From what has been said, it is evident that workerists dislike schematism and simplifications. On the contrary, aware of the extreme complexity of capitalist reality, they developed an in-depth analysis, taking into careful consideration both its more manifest as well as its less obvious aspects. We could say that they had a great appreciation for the enemy, knowing it to be a refined power, brutal and seductive at the same time. To underestimate the enemy would be a stupid move, leading to certain defeat. The first aspect of the capitalist system they considered was technology. The decisive impulse was given by Raniero Panzieri with his innovative reading of Marx’s “Fragment on Machines,” published in the first issue of Quaderni Rossi2 Technology is labor embodied. It plays an ambivalent role, because it “liberates” the workers from work, but at the same time “submits” them to more rigid forms of control. Technology has the power to shape a certain type of labor-power, to determine some of its characteristics, and can also have a specific influence on its way of thinking, its culture, and therefore its political action. Workerism says that technology has the power to determine the “technical composition of the working class.”
Let’s give an example. In the auto factories of the 1970s, there were departments in which the worker had an individual relationship with the machine he operated, knew all its secrets, was able to “prepare” it, to equip it, and was very proud of this knowledge, which was also the source of his small power. These were specialized workers with a strong consciousness of their own roles, and were considered the so-called “labor aristocracy.” These workers were in general the most combative; most of them were communist, and considered being communist a natural consequence of their being the most specialized, the most qualified, not only with regards to the machine assigned to them – a press, a turn, a cutter, a welder – but with regards to the entire productive cycle. They knew the factory like the back of their hands, and were therefore able to organize improvised strikes and blockade production, closing the focal points of the cycle. They passed on their knowledge to the younger workers but, at the same time, had a strong sense of hierarchy. They felt that a strongly differentiated wage system was justified – the younger workers had to climb the ladder of specialization step by step.

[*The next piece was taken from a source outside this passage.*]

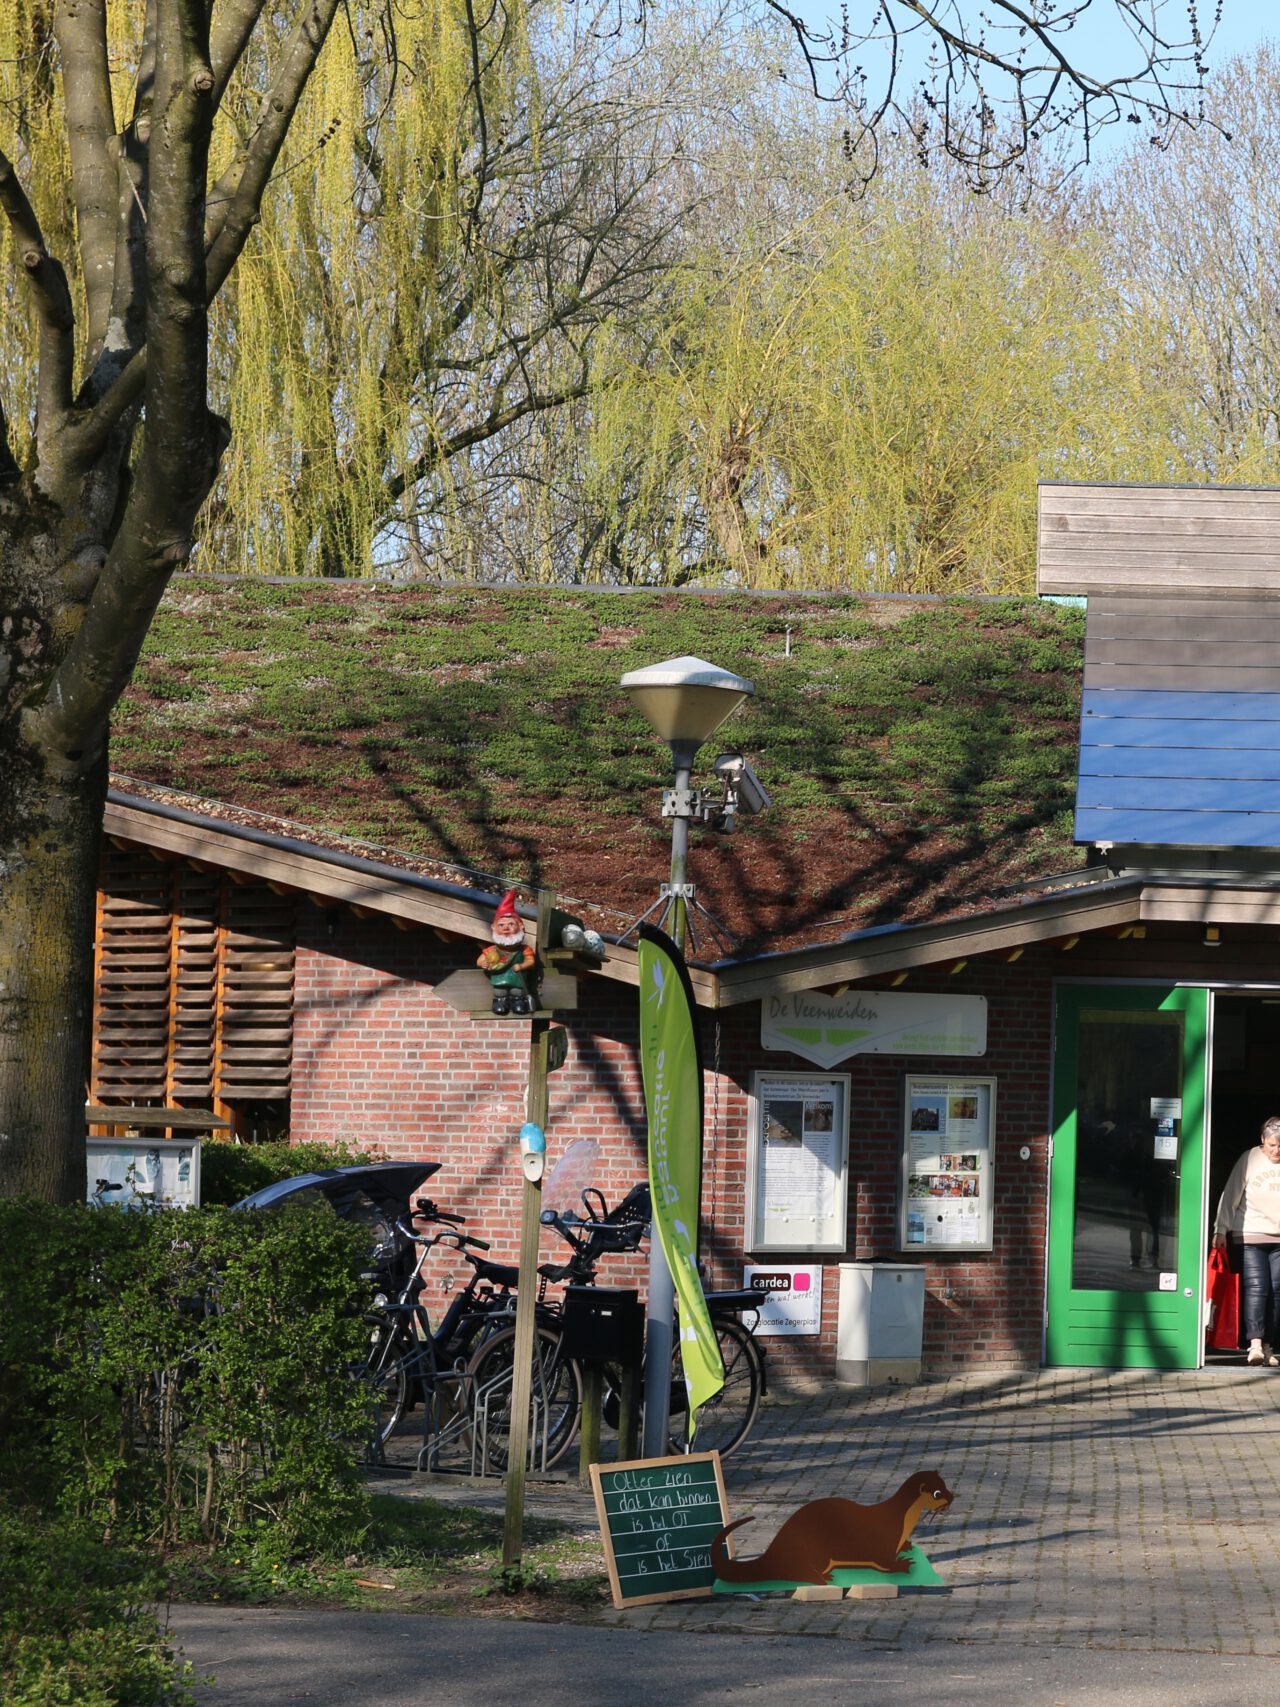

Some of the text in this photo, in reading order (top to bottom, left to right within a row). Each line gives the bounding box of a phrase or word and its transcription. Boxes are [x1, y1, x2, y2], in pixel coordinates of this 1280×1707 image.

In other departments of the factory, on the other hand, there were assembly lines, that is, a type of technology which does not permit an individual approach, where workers, male and female, could be employed without any qualification. In Milan at the beginning of the 1960s in the electromechanic factories, where work on the line was often not as heavy as in auto, in the assembly departments women were employed as generic workers, obviously paid much less than the machine operators. This working class was the one that workerism defined as the “mass worker,” with a mentality very different from the specialized workers of the labor aristocracy, and therefore with opposite demands: equal wage increases for all, abolition of individual piecework. Demands which had to sound like blasphemy to the ears of the old communist workers who were toolmakers on individual machines.
What happens when, in the 1980s, the factory disintegrates and information technology gradually spreads, eventually taking over? What happens when the factory worker, more or less specialized, more or less “mass,” is partly replaced by robots, partly laid off because production has relocated to emerging countries? What happens when workers lose their social force, the communist tradition is thrown into the sea by the left parties, and the working class is no longer a political subject?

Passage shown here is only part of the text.